Por Ricardo Leitão, em artigo enviado ao blog Foi preciso que os reservatórios das hidrelétricas entrassem em colapso para que Jair Bolsonaro admitisse não existir, entre os seus poderes, o de fazer chover.

E não havendo como resolver essa falha operacional de Sua Excelência, todos os brasileiros agora pagam 6,78% a mais nas suas contas de energia, até que os reservatórios voltem a encher – o que só deverá acontecer em abril de 2022.

Até lá, as perspectivas são desastrosas: quedas no fornecimento de energia elétrica, racionamentos e apagões.

Sem saídas, o desgoverno vai acionar mais termelétricas, movidas a óleo diesel, cujo preço do quilowatts/hora é o dobro do preço do gerado por hidrelétrica.

O aumento do preço da energia vai impulsionar a inflação e conter as possibilidades de retomada da economia.

Para temor generalizado, Bolsonaro tem nas mãos uma nova crise, a hidroenergética, que trata com o negacionismo de sempre: desdenhou dos alertas de que as regiões Sul, Sudeste e Centro Oeste – onde se localizam as grandes hidrelétricas – iriam sofrer uma grande estiagem e era urgente iniciar campanha nacional para redução do consumo d’água.

Corriam os meados de 2020 e nenhuma providência foi tomada.

Do contrário, as declarações do presidente e dos seus ministros asseguravam que tudo estava sob controle.

Como se tivessem a capacidade de fazer chover no dia, na hora e no local que melhor lhes conviesse.

Um negacionísmo irresponsável, igual ao negacionismo diante da explosão de casos de infectados e mortos pela pandemia.

Segundo Bolsonaro, em frase inesquecível, “só uma gripezinha”.

Agora, para onde vamos quando a crise hidroenergética se junta às outras crises em que foi mergulhado o Brasil, a sanitária, a econômica, a política, a social e a ambiental?

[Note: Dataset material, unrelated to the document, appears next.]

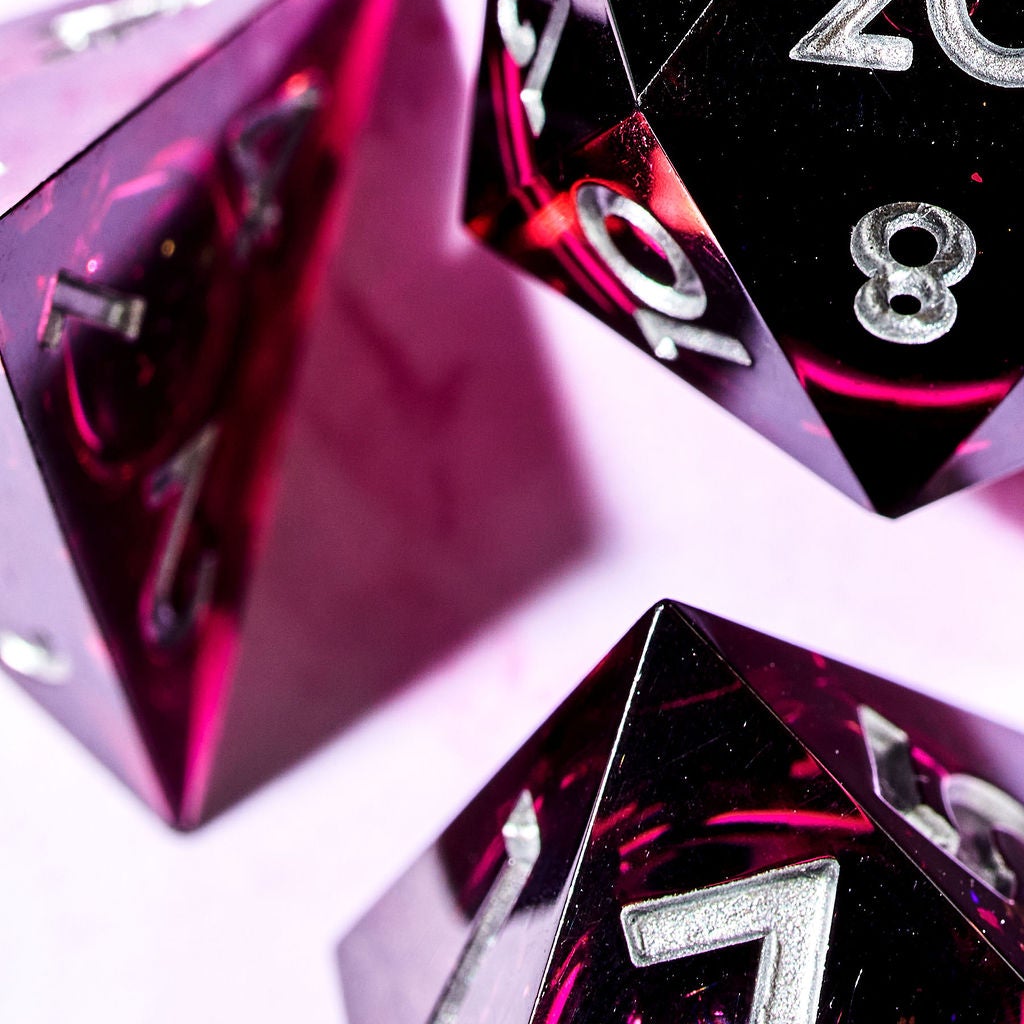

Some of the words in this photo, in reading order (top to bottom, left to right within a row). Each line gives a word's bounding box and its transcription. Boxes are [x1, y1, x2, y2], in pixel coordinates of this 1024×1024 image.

Quem souber ganha um emprego de barbeiro no Afeganistão.

O país parou de crescer, mesmo a taxas mínimas.

A variação do Produto Interno Bruto (PIB) no último trimestre, divulgada pelo IBGE, foi negativa.

Isso significa menos investimento, menos emprego, mais fome e mais tensão.

Em resposta a essa conjuntura terrível, o presidente da República continua a ameaçar a democracia e a se exibir à frente de motociatas.

A tentativa de aparentar controle da situação é falsa como uma fake news.

Na verdade, ele verga sob o peso de três grandes problemas: um novo, o risco de apagões; e dois mais antigos, o aumento da pobreza e o relatório da CPI da Covid, no Senado.

Admita-se cogitar que os dois primeiros problemas podem ser minimizados.

O relatório da CPI, no entanto, teria condições de derrubá-lo do poder.

A investigação dos senadores pode indiciar Bolsonaro por prevaricação, curandeirismo, charlatanismo, crimes de responsabilidade e crime contra a humanidade – todos resultantes de sua desastrosa condução no combate à covid-19.

A omissão justifica o indiciamento por crime de responsabilidade e a Procuradoria Geral da República irá avaliar o indiciamento no caso dos crimes comuns.

Restam os crimes contra a humanidade.

Estes serão denunciados ao Tribunal Internacional de Haia, na Holanda, onde Jair Bolsonaro já foi acusado de genocídio de povos indígenas da Amazônia.

A comissão de juristas que assessora a CPI, coordenada por Miguel Reale Júnior, fará as tipificações criminais.

Para quem vê de olhos fechados os horizontes de Brasília é impossível que Sua Excelência escape imune do relatório final dos senadores.

O presidente sabe disso e não por acaso tentou impedir a instalação da CPI, eleger a maioria de seus integrantes e minar a convocação de testemunhas.

Nada deu certo.

Controlada com mão de ferro pela oposição, com alta audiência do público, a CPI se transformou em uma arma contra sua reeleição.

O esfarelamento do apoio popular a Bolsonaro surge em todas as pesquisas eleitorais.

Ele se apega aos 30% que lhe sobram e, acredita, o encaminhariam ao segundo turno no próximo ano.

Um percentual ainda alto, considerando-se tantas crises.

Só não precisava que os reservatórios das hidrelétricas fossem secar – logo agora – debaixo de seus coturnos.